FROM THE QUARTERLY REVIEW.

History of Brazil. By Robert Southey. Part the First. 4to pp. 660. London, 1810.

IT is by no means easy to mention a style of composition which Mr. Southey has not attempted, and it would be still harder to point out one in which his talents might not be expected to raise him to distinguished eminence. Few authors of the present age, have written so much as he has done, and still few er of any age, have written so well. As a poet, we conceive his name has not yet arrived at the reputation which it is hereafter destined to attain; and, as a historian, the expectation excited by his previous and less important essays, will not be disappointed by the present, bulky

volume. With a share of genius and fancy equalled but by few; an honesty surpassed by none; and an extent and variety of information marked with the stamp of that industrious and almost forgotten accuracy which brings us back to the severer days of English study, he possesses a commanding knowledge of his mother tongue, which, though the ostentation of power sometimes produces pedantry, and its attendant negligence betrays him too often into antiquated homeliness, is strongly, however, and, we think, advantageously contrasted with the monotonous and unbending dignity which

distinguishes the greater part of modern historians. No author could be fixed upon to continue, with greater prospect of success, the task of American history, which Robertson left unfinished; and none is better adapted to correct and supply, by superiour minuteness, zealous research, and lively painting of nature and manners, the cold, and often inaccurate outline of that sensible and pleasing, but, certainly, superficial writer.

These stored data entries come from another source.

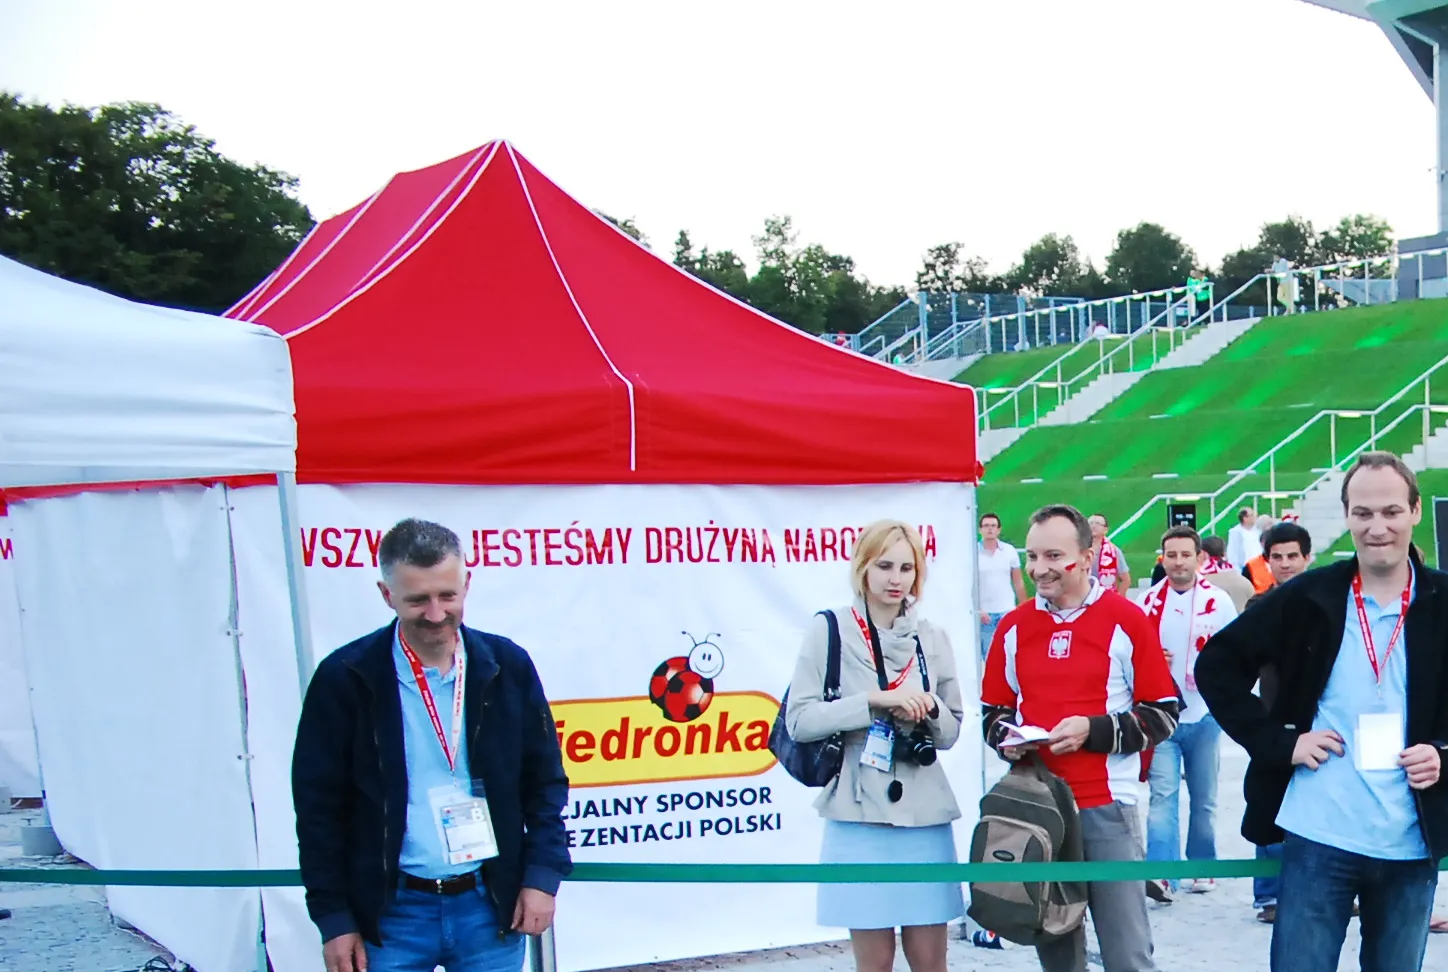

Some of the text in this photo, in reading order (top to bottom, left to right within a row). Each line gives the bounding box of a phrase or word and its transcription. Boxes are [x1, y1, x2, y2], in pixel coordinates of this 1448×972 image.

[465, 520, 632, 567] JESTEŚMY
[645, 519, 776, 568] DRUŻYNĄ
[784, 524, 937, 563] NAROĄ
[556, 711, 770, 763] iedronka
[560, 786, 772, 820] JALNY SPONSOR
[565, 812, 782, 848] EZENTACJI POLSKI

That portion of American annals* which, in this literary colonization, has fallen to Mr. Southey's share, has less, indeed, of the usual common places of history, less that is refined, or splendid, or illustrious, than is offered by the revolutions of Europe and of Asia, or even by the transactions of the Spaniards in Mexico and Peru.

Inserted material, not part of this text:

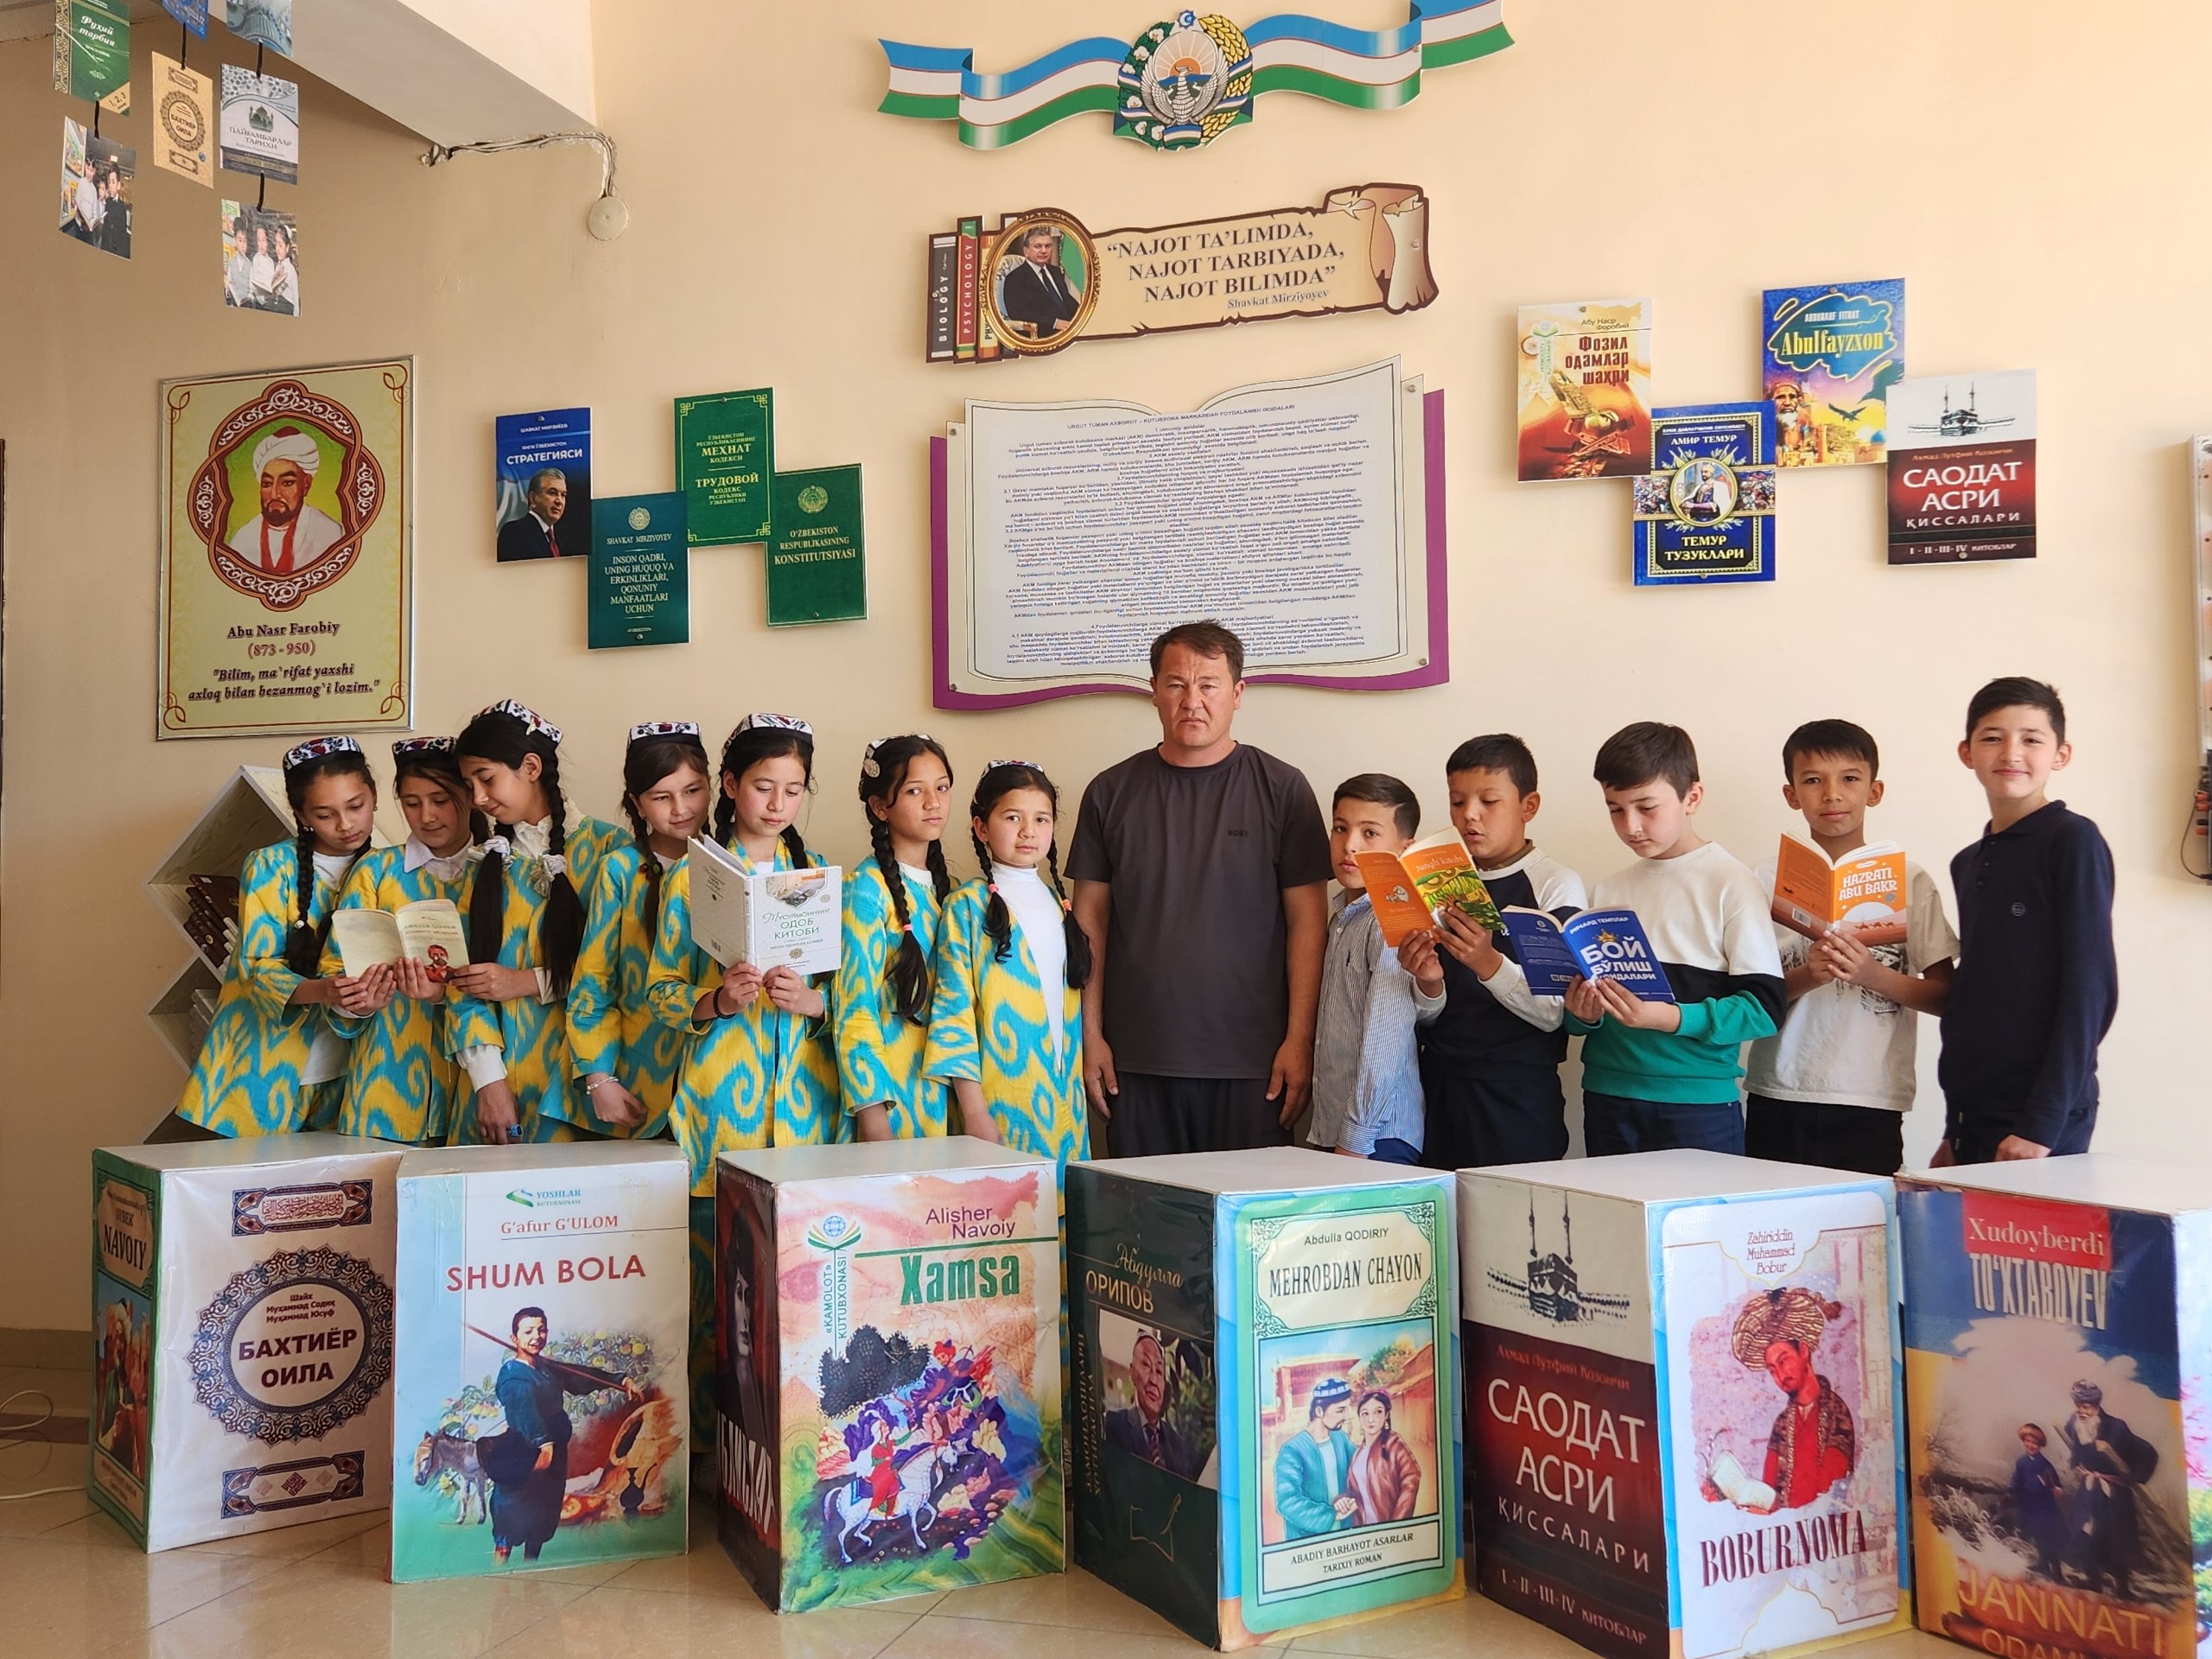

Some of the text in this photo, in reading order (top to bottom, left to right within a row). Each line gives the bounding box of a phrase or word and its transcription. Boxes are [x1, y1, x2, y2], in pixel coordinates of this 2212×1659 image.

"I have to speak," are Mr. Southey's words," of savages so barbarous, that little sympathy can be felt for any sufferings which they endured, and of colonists, in whose triumphs no joy will be taken, because they added avarice to barbarity. Ignoble men, carrying on an obscure war. fare, the consequences of which have been greater than were produced by the conquests of Alexander or of Charlemagne, and will be far more lasting. Even the few higher characters which appear, have obtained no fame beyond the limits of their own religion, scarcely beyond those of their language."

With all these defects incidental to his subject, we agree with him in rating its importance highly. Much yet remains to be learned concerning the habits and character of savages, and it is a topick on which erroneous opinions have done such infinite harm, that a philosophick mind can hardly bestow its attention better, than in illustrating those barbarous manners and strange superstitions which, wild as they seem, are the rudiments, perhaps, and, as

it were, the grammar of political man. And, however inglorious the agents in the colonization of Brazil, the mariners, the missionaries, the exiles of one of the least of our European nations; it cannot be an unimportant labour to trace the process by which their slender means achieved effects so apparently disproportioned. In these rude efforts of an infant state, these struggles with their savage neighbours, or the more important warfare which they have carried on against the beasts of the wood, the dragons of the fen, and the unkindly effects of strange and adverse climates, we are reading the original history of every civilized nation in the world; the tales of Cadmus and Jason devested of fable: it is to such expeditions as these that Europe owes its present glories:

Sic fortis Etruria crevit Scilicet, et rerum facta est pulcherrima Roma!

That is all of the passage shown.